Start of Task data

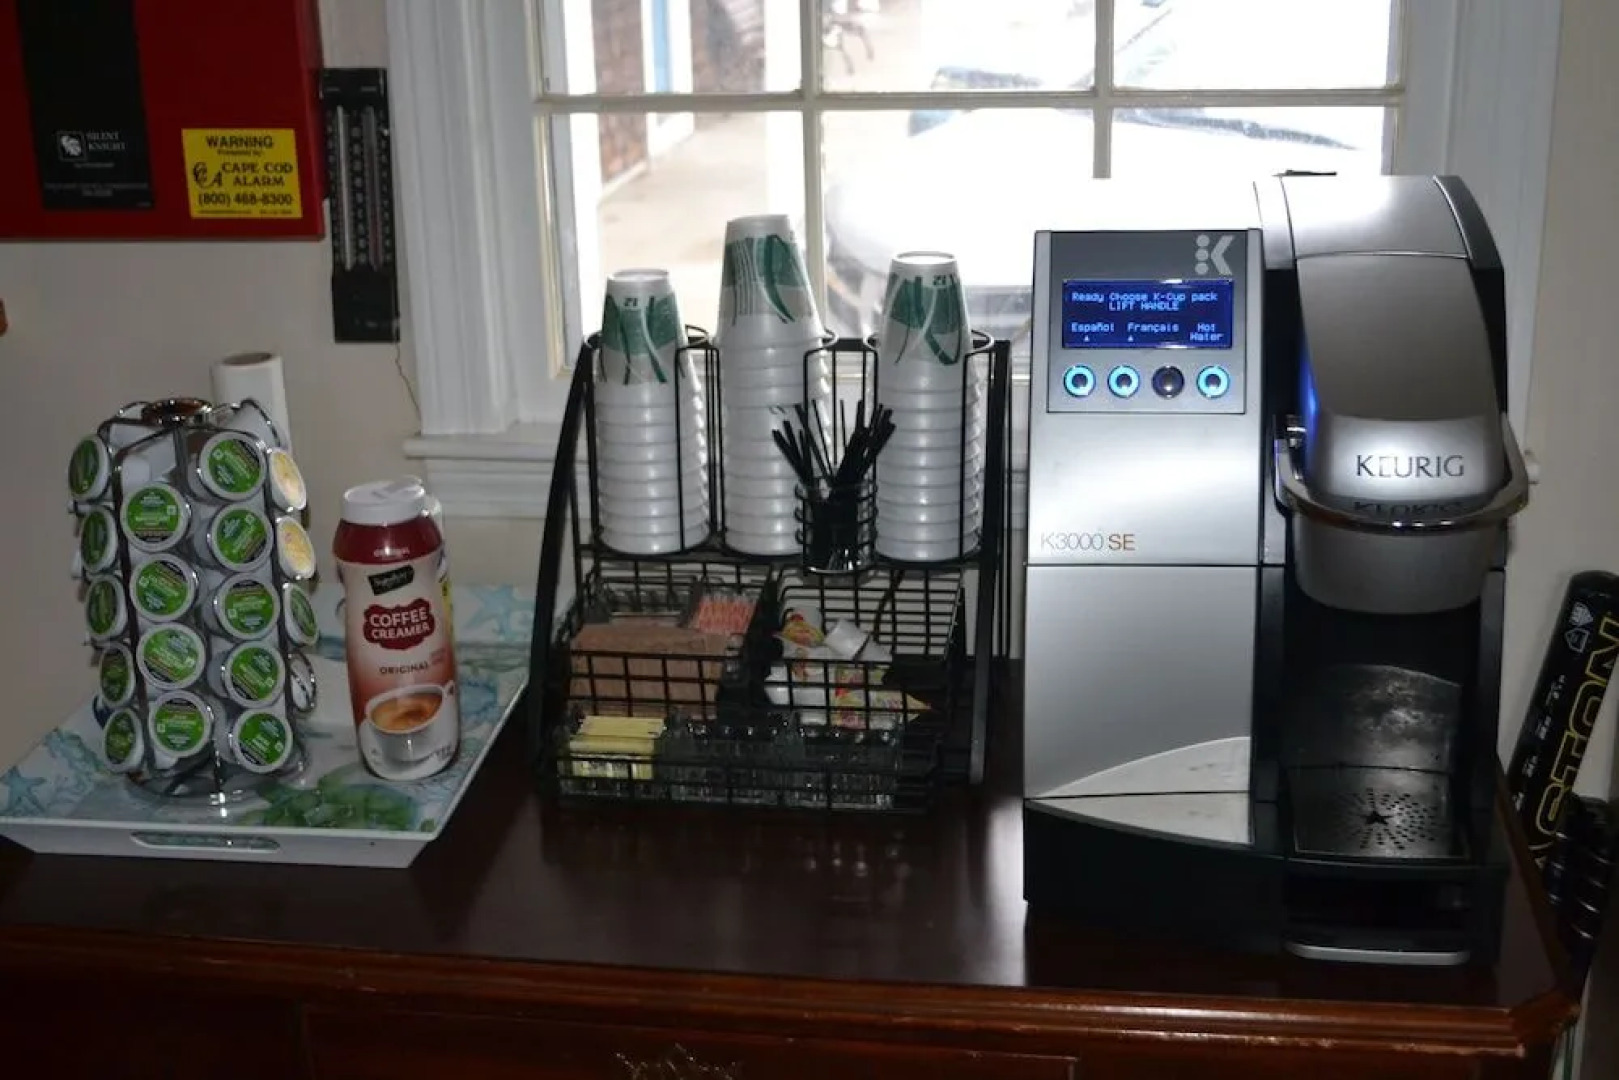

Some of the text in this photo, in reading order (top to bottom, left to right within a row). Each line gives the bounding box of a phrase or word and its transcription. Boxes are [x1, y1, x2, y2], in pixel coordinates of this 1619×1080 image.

[206, 135, 274, 149] WARNING
[222, 162, 293, 173] CAPE COD
[233, 175, 285, 187] ALARM
[198, 192, 231, 207] (800)
[1071, 292, 1218, 303] Ready Choose K-Cup pack
[1108, 301, 1180, 311] LIFT HANDLE
[1071, 321, 1216, 334] Español Français Hot
[1189, 332, 1224, 342] Water
[1356, 454, 1465, 478] KEURIG
[1040, 531, 1136, 551] K3000 SE
[370, 606, 428, 627] COFFEE
[371, 621, 431, 639] CREAMER
[379, 660, 429, 674] ORIGINAL

End of Task data

Where an entry holds a picture, leave the picture out and output the rest exactly.

- Output
Some of the text in this photo, in reading order (top to bottom, left to right within a row). Each line gives the bounding box of a phrase or word and its transcription. Boxes are [x1, y1, x2, y2], in pixel coordinates of this 1619×1080 image.

[206, 135, 274, 149] WARNING
[222, 162, 293, 173] CAPE COD
[233, 175, 285, 187] ALARM
[198, 192, 231, 207] (800)
[1071, 292, 1218, 303] Ready Choose K-Cup pack
[1108, 301, 1180, 311] LIFT HANDLE
[1071, 321, 1216, 334] Español Français Hot
[1189, 332, 1224, 342] Water
[1356, 454, 1465, 478] KEURIG
[1040, 531, 1136, 551] K3000 SE
[370, 606, 428, 627] COFFEE
[371, 621, 431, 639] CREAMER
[379, 660, 429, 674] ORIGINAL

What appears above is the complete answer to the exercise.